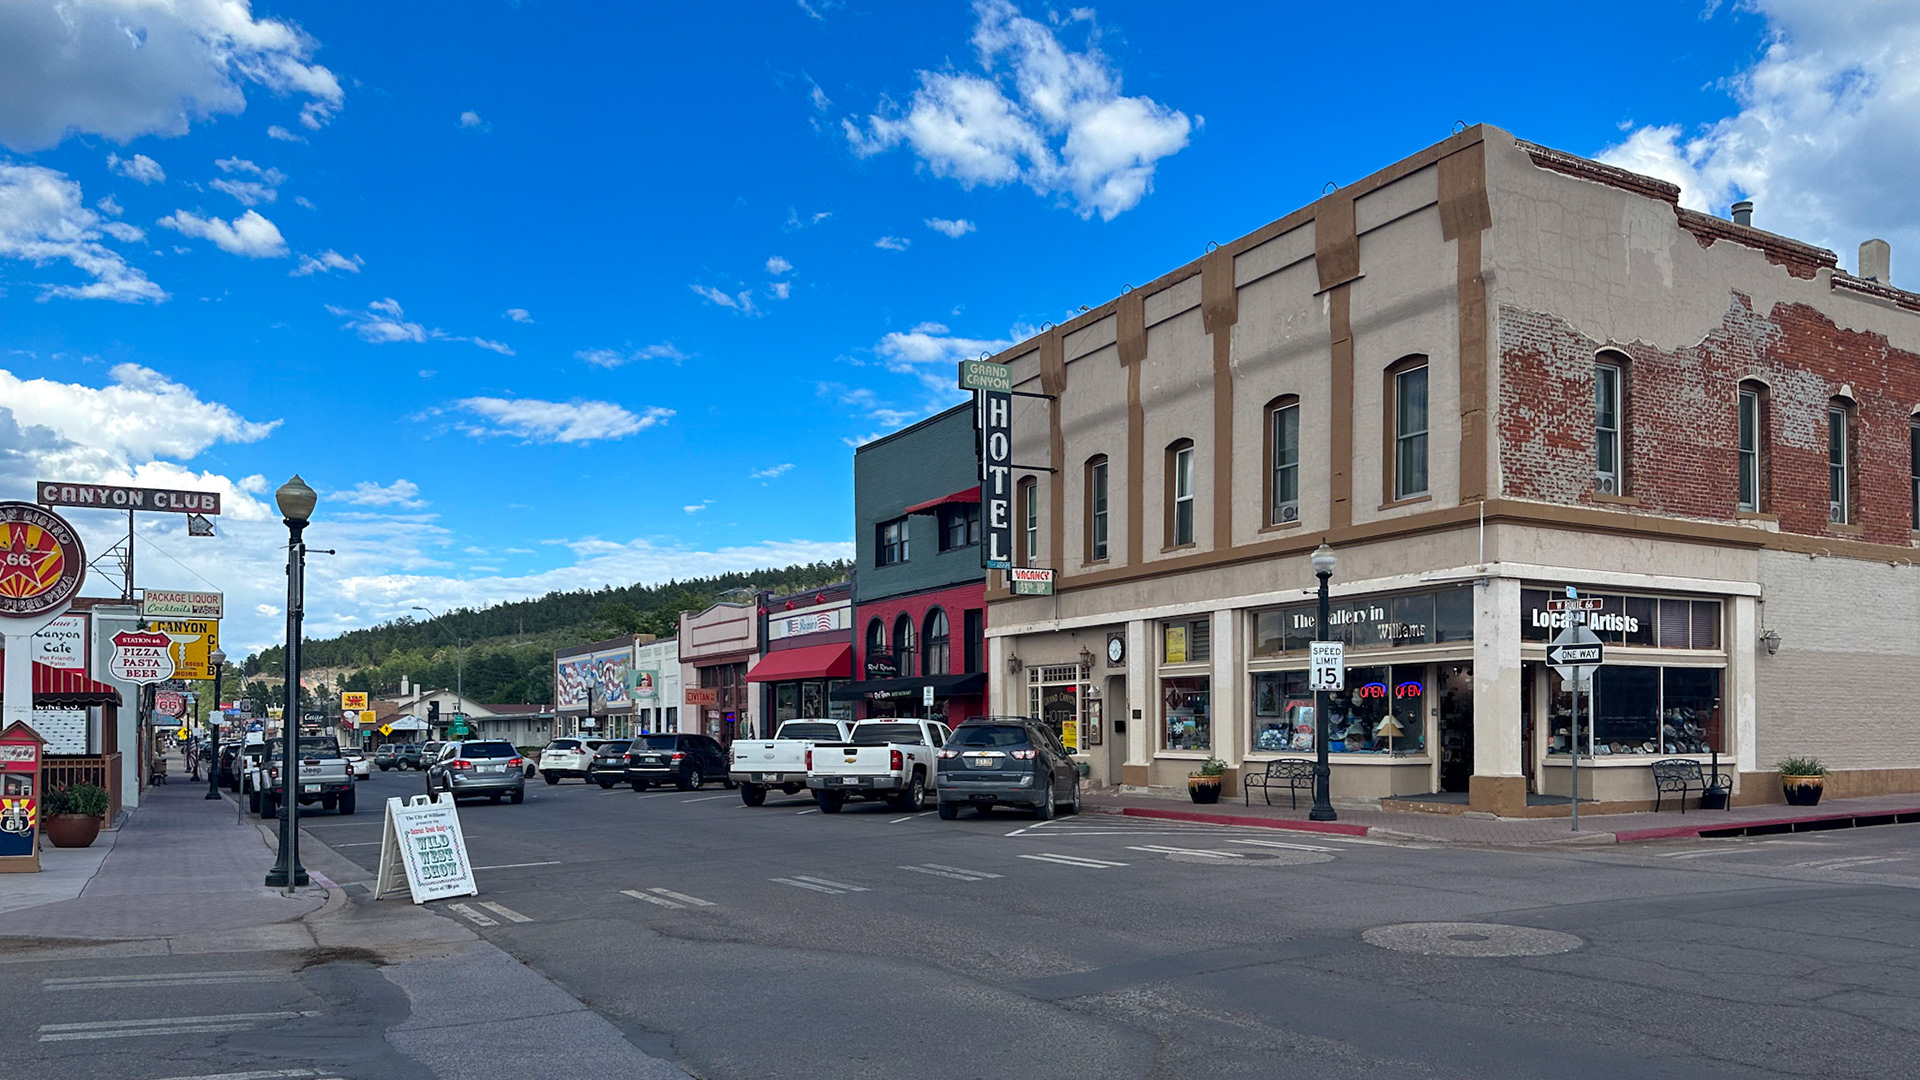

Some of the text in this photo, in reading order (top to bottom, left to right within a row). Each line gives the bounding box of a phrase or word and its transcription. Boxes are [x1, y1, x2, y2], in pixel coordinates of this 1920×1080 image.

[969, 363, 1008, 378] GRAND
[966, 374, 1010, 389] CANYON
[989, 398, 1009, 562] HOTEL
[43, 485, 216, 510] CANYON CLUB
[6, 553, 31, 567] 66
[1015, 570, 1050, 581] VACANCY
[44, 575, 75, 603] PIZZA
[147, 592, 219, 605] PACKAGE LIQUOR
[1564, 601, 1583, 610] ROUTE
[1584, 600, 1594, 609] 66
[147, 603, 191, 614] Cocktails
[1292, 605, 1384, 629] The allery in
[1590, 612, 1639, 633] Artists
[157, 621, 208, 634] CANYON
[1377, 621, 1426, 640] Williams
[43, 641, 72, 653] Cafe
[123, 648, 160, 657] PIZZA
[1313, 647, 1342, 656] SPEED
[1316, 657, 1338, 665] LIMIT
[1562, 649, 1597, 660] ONE WAY
[123, 658, 160, 667] PASTA
[126, 669, 158, 678] BEER
[1317, 667, 1337, 685] 15
[687, 692, 710, 702] CIVITAN
[1360, 685, 1386, 698] OPEN
[1395, 684, 1421, 697] OPEN
[159, 701, 177, 710] 66
[415, 834, 450, 851] WILD
[418, 847, 454, 865] WEST
[422, 861, 457, 880] SHOW

******************************

- _WHAT THE TASK REQUIRES_
Type the listing above out again exactly, and omit all pictures.

- _RESPONSE BOX_
Some of the text in this photo, in reading order (top to bottom, left to right within a row). Each line gives the bounding box of a phrase or word and its transcription. Boxes are [x1, y1, x2, y2], in pixel coordinates of this 1920×1080 image.

[969, 363, 1008, 378] GRAND
[966, 374, 1010, 389] CANYON
[989, 398, 1009, 562] HOTEL
[43, 485, 216, 510] CANYON CLUB
[6, 553, 31, 567] 66
[1015, 570, 1050, 581] VACANCY
[44, 575, 75, 603] PIZZA
[147, 592, 219, 605] PACKAGE LIQUOR
[1564, 601, 1583, 610] ROUTE
[1584, 600, 1594, 609] 66
[147, 603, 191, 614] Cocktails
[1292, 605, 1384, 629] The allery in
[1590, 612, 1639, 633] Artists
[157, 621, 208, 634] CANYON
[1377, 621, 1426, 640] Williams
[43, 641, 72, 653] Cafe
[123, 648, 160, 657] PIZZA
[1313, 647, 1342, 656] SPEED
[1316, 657, 1338, 665] LIMIT
[1562, 649, 1597, 660] ONE WAY
[123, 658, 160, 667] PASTA
[126, 669, 158, 678] BEER
[1317, 667, 1337, 685] 15
[687, 692, 710, 702] CIVITAN
[1360, 685, 1386, 698] OPEN
[1395, 684, 1421, 697] OPEN
[159, 701, 177, 710] 66
[415, 834, 450, 851] WILD
[418, 847, 454, 865] WEST
[422, 861, 457, 880] SHOW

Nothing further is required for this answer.